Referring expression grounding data

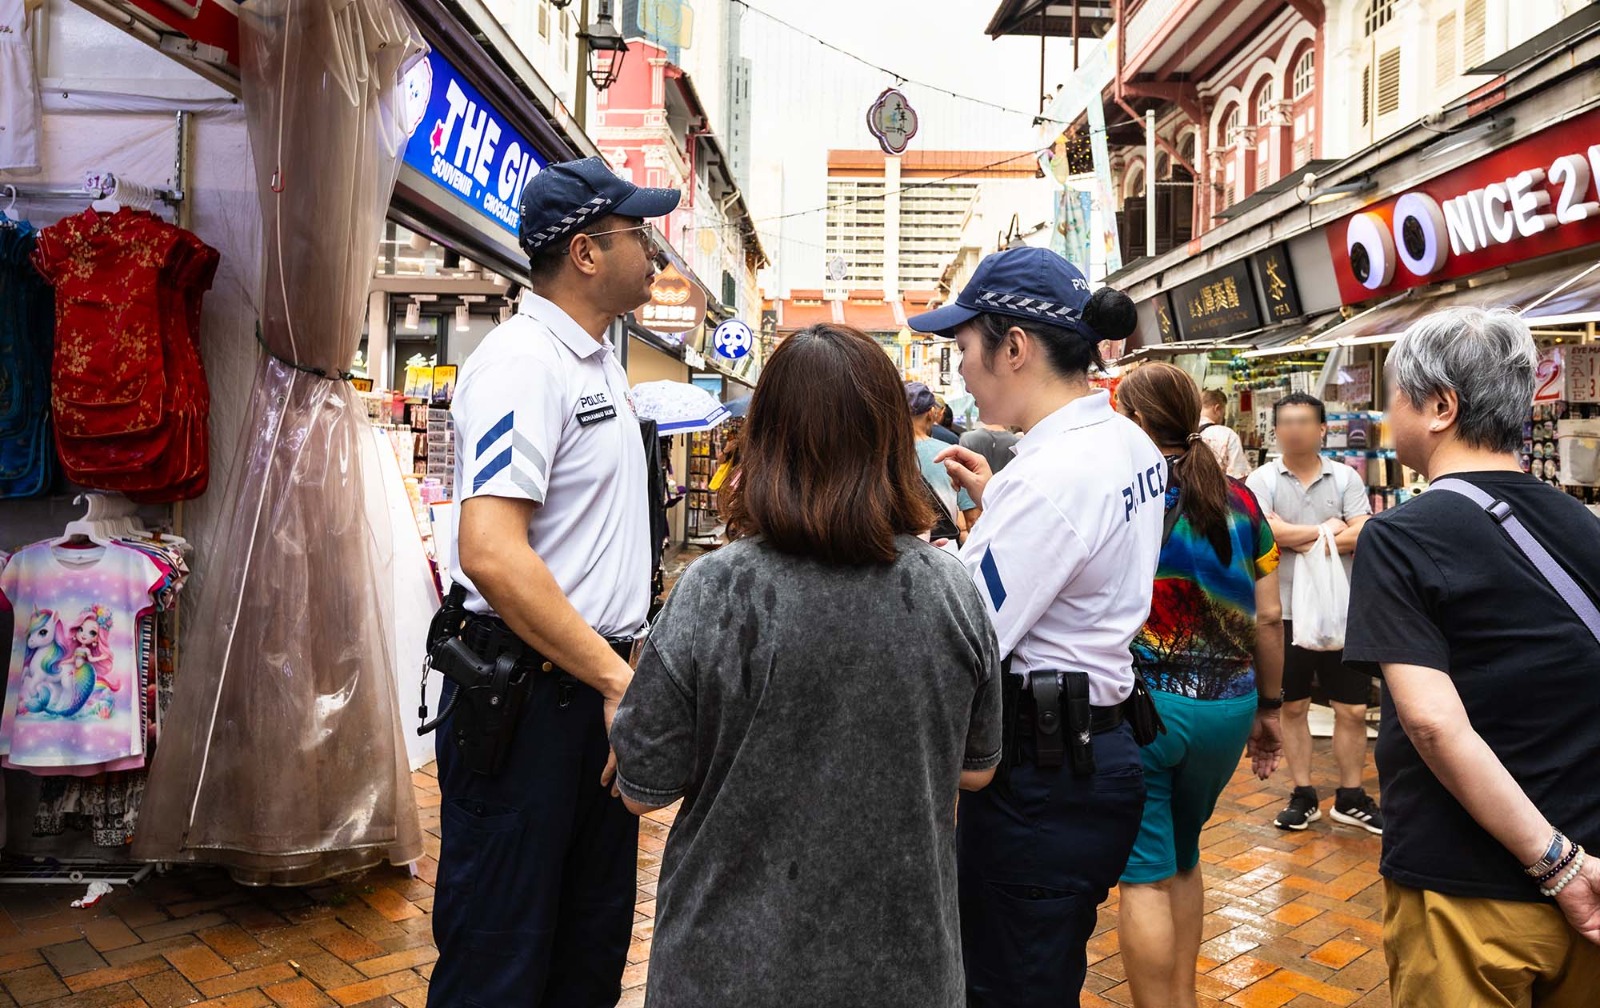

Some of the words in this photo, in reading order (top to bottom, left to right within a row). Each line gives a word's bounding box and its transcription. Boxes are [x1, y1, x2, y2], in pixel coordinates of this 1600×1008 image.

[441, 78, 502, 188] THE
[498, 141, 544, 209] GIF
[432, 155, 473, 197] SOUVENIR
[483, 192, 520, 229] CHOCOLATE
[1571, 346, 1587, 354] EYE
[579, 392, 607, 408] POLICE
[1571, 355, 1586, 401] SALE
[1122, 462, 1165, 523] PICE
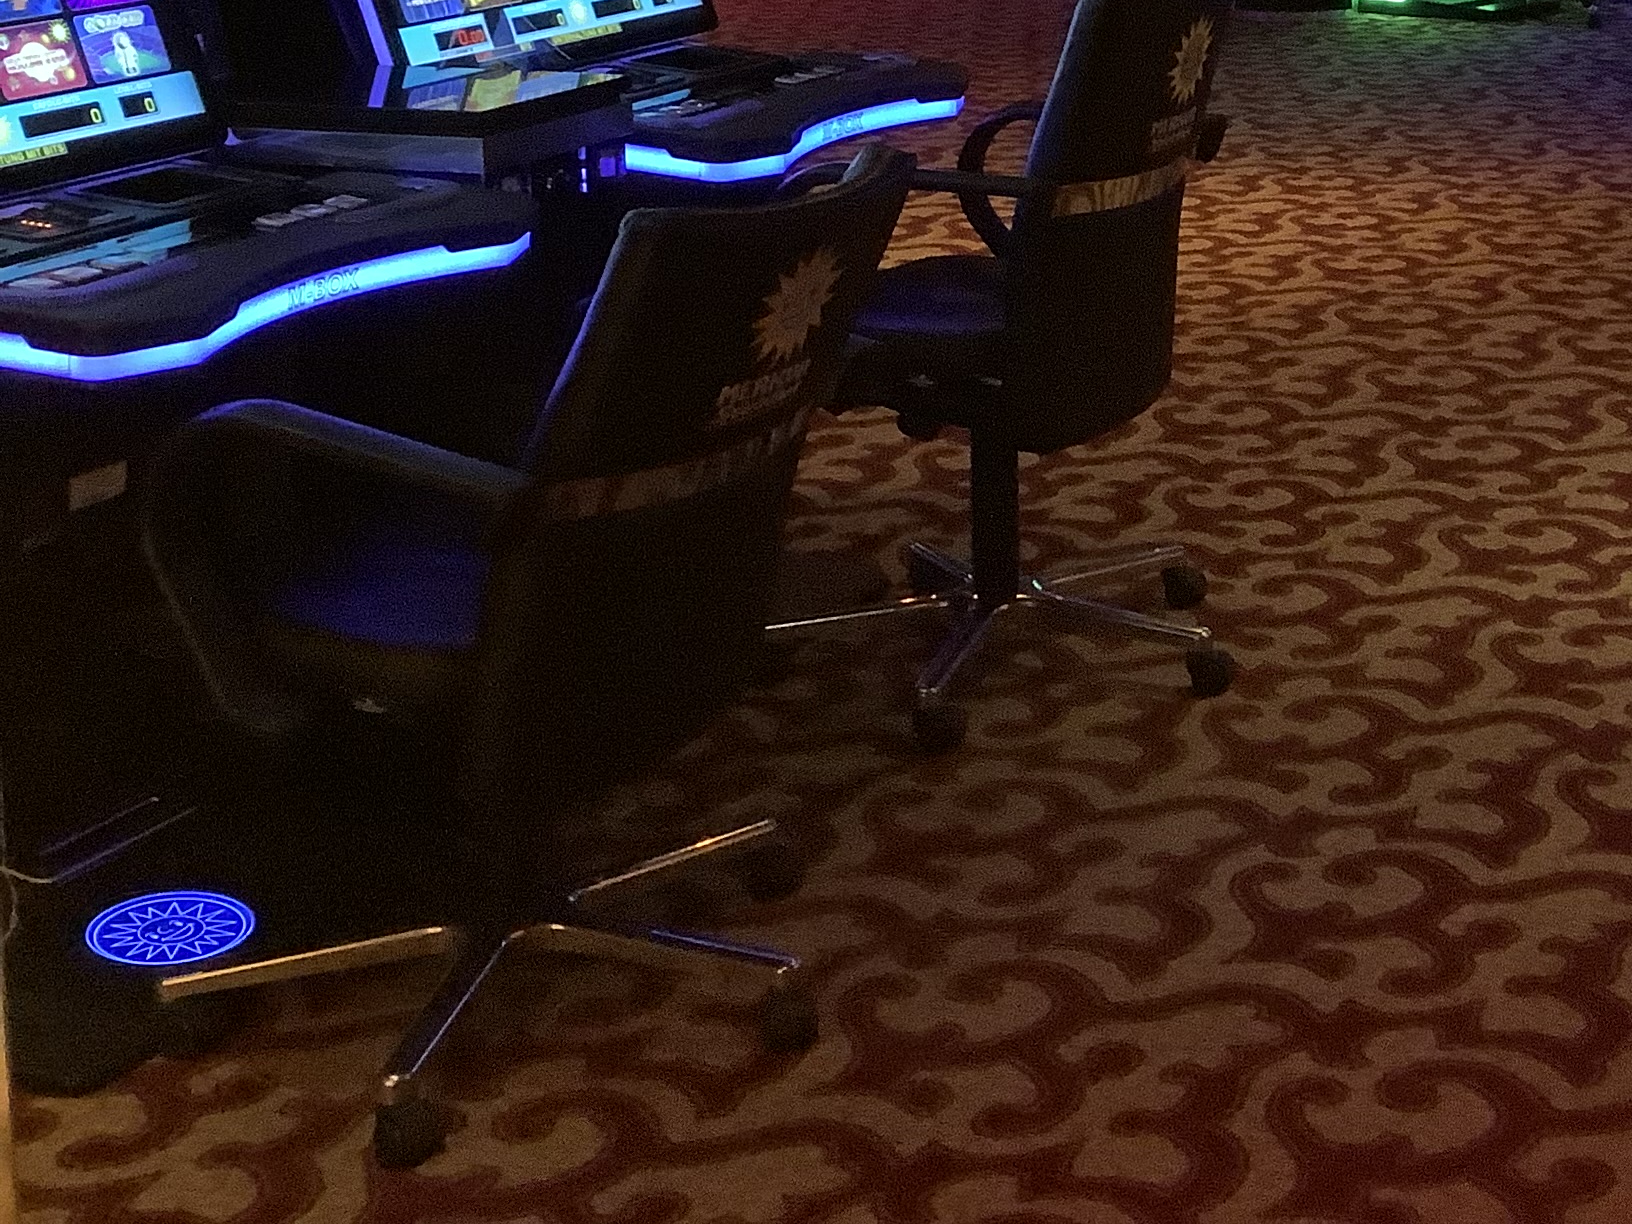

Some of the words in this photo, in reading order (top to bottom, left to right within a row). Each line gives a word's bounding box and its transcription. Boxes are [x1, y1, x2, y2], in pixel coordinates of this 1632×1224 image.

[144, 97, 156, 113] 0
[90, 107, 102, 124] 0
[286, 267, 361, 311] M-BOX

◆ **What you will do**:
Pictures are to be left out; the records above must be repeated word for word.

◆ **Answer to the problem**:
Some of the words in this photo, in reading order (top to bottom, left to right within a row). Each line gives a word's bounding box and its transcription. Boxes are [x1, y1, x2, y2], in pixel coordinates of this 1600×1008 image.

[441, 78, 502, 188] THE
[498, 141, 544, 209] GIF
[432, 155, 473, 197] SOUVENIR
[483, 192, 520, 229] CHOCOLATE
[1571, 346, 1587, 354] EYE
[579, 392, 607, 408] POLICE
[1571, 355, 1586, 401] SALE
[1122, 462, 1165, 523] PICE

Some of the words in this photo, in reading order (top to bottom, left to right within a row). Each line gives a word's bounding box and its transcription. Boxes are [x1, y1, x2, y2], in pixel coordinates of this 1632×1224 image.

[144, 97, 156, 113] 0
[90, 107, 102, 124] 0
[286, 267, 361, 311] M-BOX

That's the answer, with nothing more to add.